Joe Biden has remained a steady fixture in American politics for decades. Besides his most well-known position as vice president alongside former president Barack Obama, Biden has seen generational change in America during his 36 years representing Delaware in the Senate. In part because of the public tragedies he has endured in his life — losing his wife and child in a car accident and then losing his son Beau to brain cancer — Biden has managed to appear in modern media as generally kind, likable and affectionate towards his friends and family.

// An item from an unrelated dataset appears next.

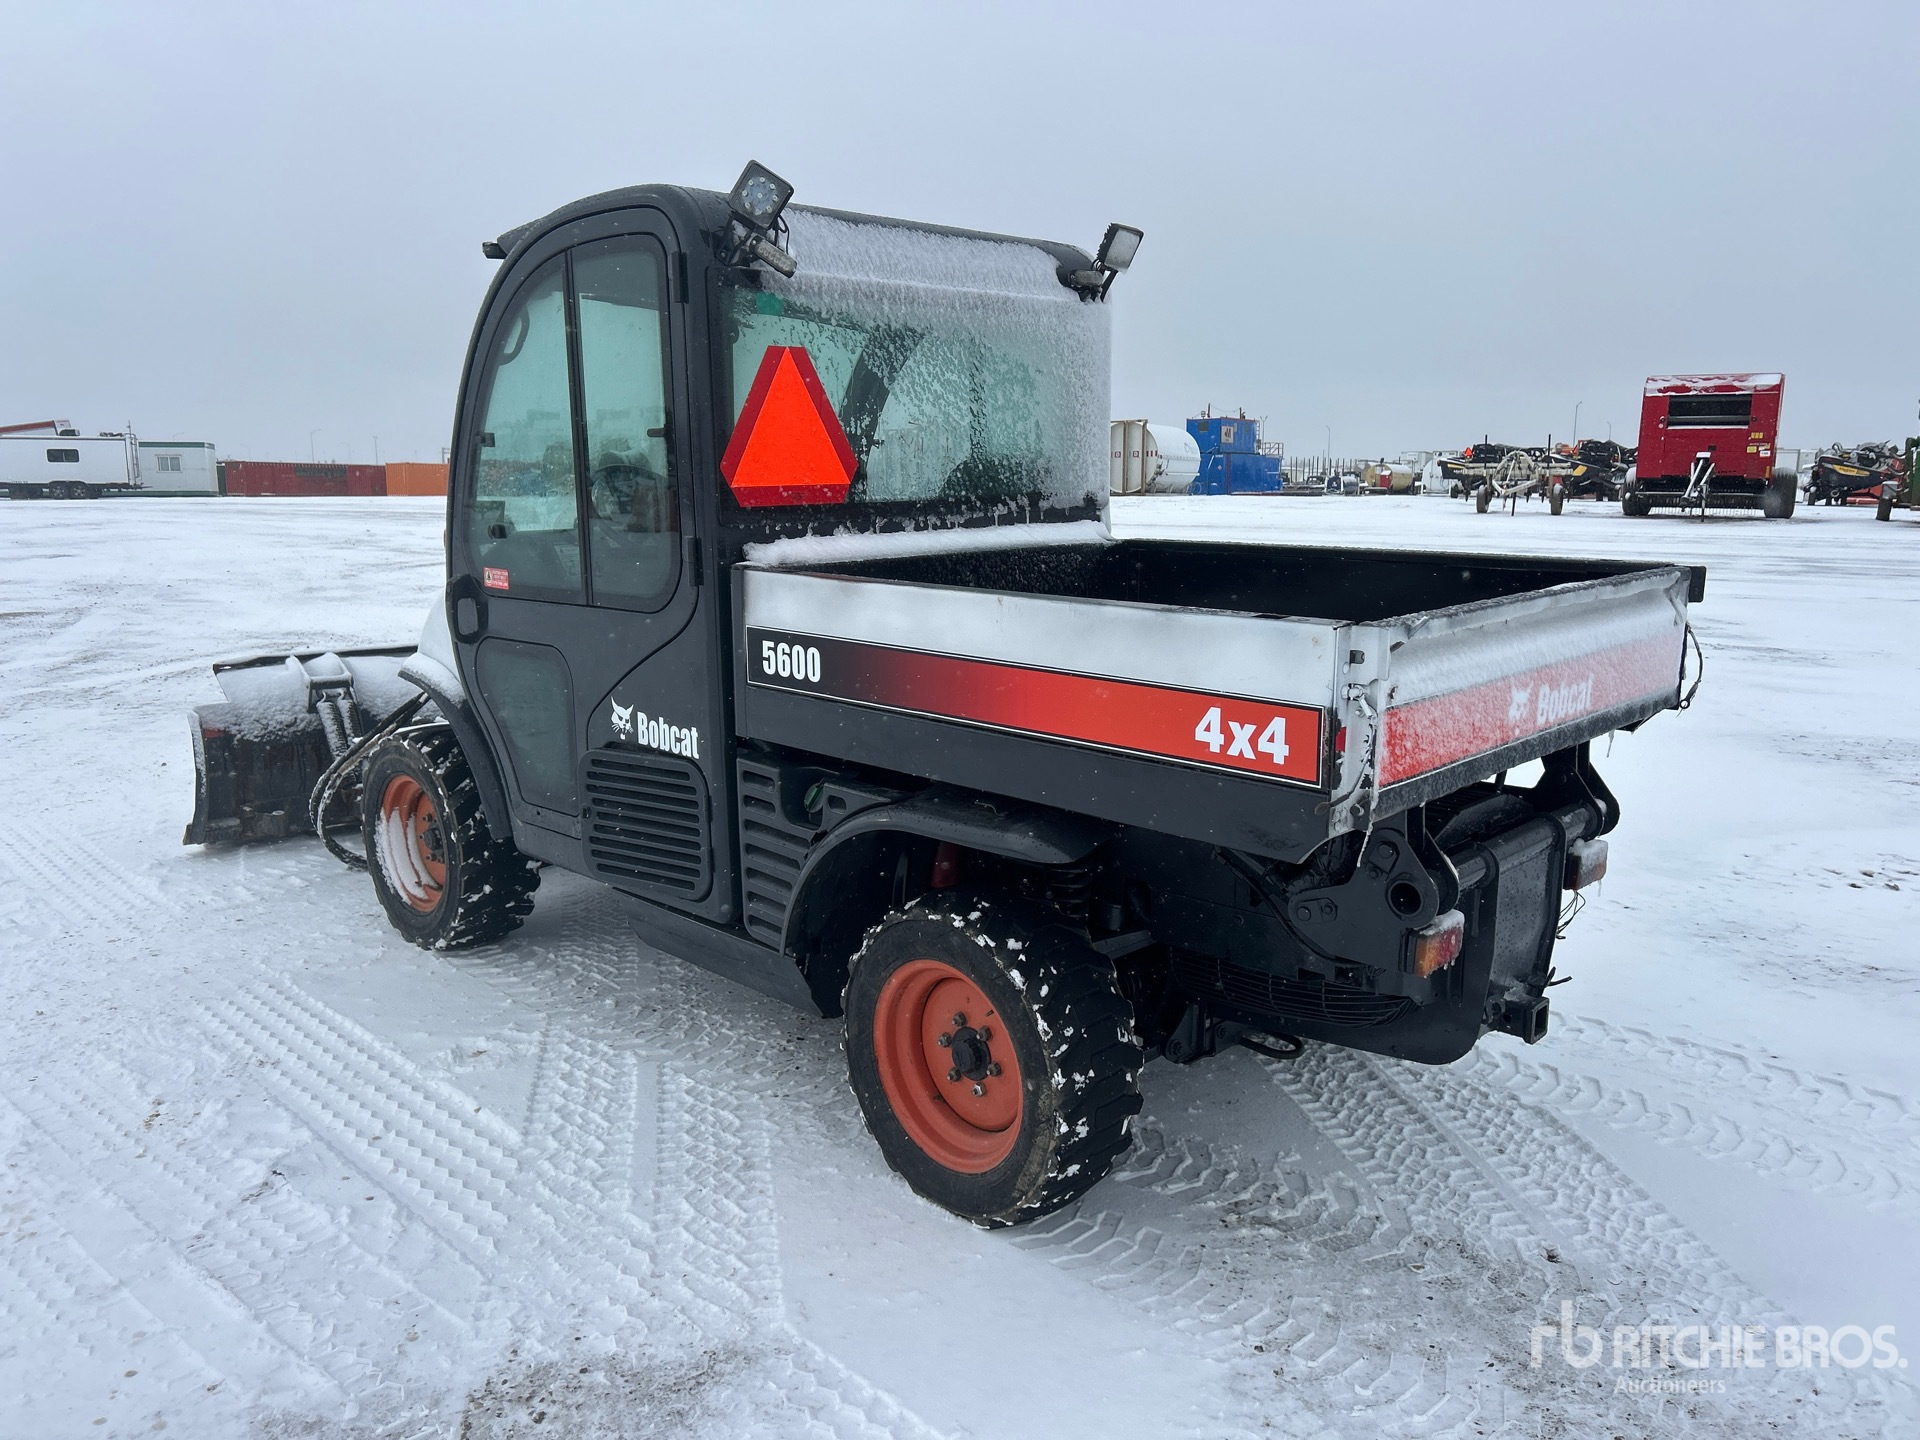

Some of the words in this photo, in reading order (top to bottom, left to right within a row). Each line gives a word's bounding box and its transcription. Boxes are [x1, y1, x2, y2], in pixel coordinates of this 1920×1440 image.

[762, 640, 821, 682] 5600
[1537, 673, 1594, 725] Bobcat
[637, 711, 699, 759] Bobcat
[1195, 706, 1289, 765] 4x4

This recent wave of accusations isn’t the first time Joe Biden has seen controversy. His first presidential run in 1987 was marred by the discovery of his plagiarism in law school. In 2007, he received backlash for describing then-fellow Democratic candidate Obama as “the first mainstream African-American who is articulate and bright and clean and a nice-looking guy,” in 2007, which received backlash. Despite these blunders, Biden’s image as a kind politician has been popularized in the last decade.

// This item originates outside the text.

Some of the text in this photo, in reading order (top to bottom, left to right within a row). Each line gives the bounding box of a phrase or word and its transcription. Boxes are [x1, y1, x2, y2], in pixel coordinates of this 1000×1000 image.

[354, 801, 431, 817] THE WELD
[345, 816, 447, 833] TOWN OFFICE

I specifically mention Biden’s history in the media because his positive public image — especially in the past few years — is currently being used to defend him. He’s no stranger to controversy, and has made mistakes in the past. And now, with a new set of allegations being brought against him, there is no reason his affable, kind image shouldn’t change accordingly.

On March 29, Lucy Flores, a former Nevada lieutenant governor nominee, wrote in an article in New York Magazine’s the Cut that Biden sniffed her hair and gave her “a big slow kiss” on the back of her head. “I wanted nothing more than to get Biden away from me,” she wrote.

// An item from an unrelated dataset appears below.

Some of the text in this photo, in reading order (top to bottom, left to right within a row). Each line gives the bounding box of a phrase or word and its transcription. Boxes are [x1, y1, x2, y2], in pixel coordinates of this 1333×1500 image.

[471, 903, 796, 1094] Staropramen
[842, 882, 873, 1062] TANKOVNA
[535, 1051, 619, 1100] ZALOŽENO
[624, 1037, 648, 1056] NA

On April 1, Amy Lappos, a then-congressional aide for U.S. Rep. Jim Himes (D-Conn.), accused Biden of invading her personal space at a Connecticut fundraiser in 2009. “He put his hand around my neck and pulled me in to rub noses with me. When he was pulling me in, I thought he was going to kiss me on the mouth,” she told the Hartford Courant.

In a video posted to Twitter, Biden vowed to be “mindful” of other people’s personal space in the future. He did not, however, directly apologize for his actions; instead, he attributed them to his innate desire for “human connection.”

It’s important to note these women have not accused Biden of sexual assault. The reality, though, is that Biden made women feel uncomfortable. In an era focused on believing and supporting people affected by harassment, I was surprised to find many vocal supporters of the movement defending Biden.

Alyssa Milano, actress and one of the biggest voices in the #MeToo movement, tweeted in a thread on April 1 that she would stand by Biden in leadership positions. “I believe that Joe Biden’s intent has never been to make anyone uncomfortable, and that his kind, empathetic leadership is what our country needs,” she wrote.

The hosts of the daytime talk show “The View” also defended Biden, choosing to focus on his actions rather than the women.

“I feel it would be really unfortunate if we got rid of everybody who was just an affectionate kind of person,” co-host Joy Behar said in an April 1 broadcast. “Those are nice people too.”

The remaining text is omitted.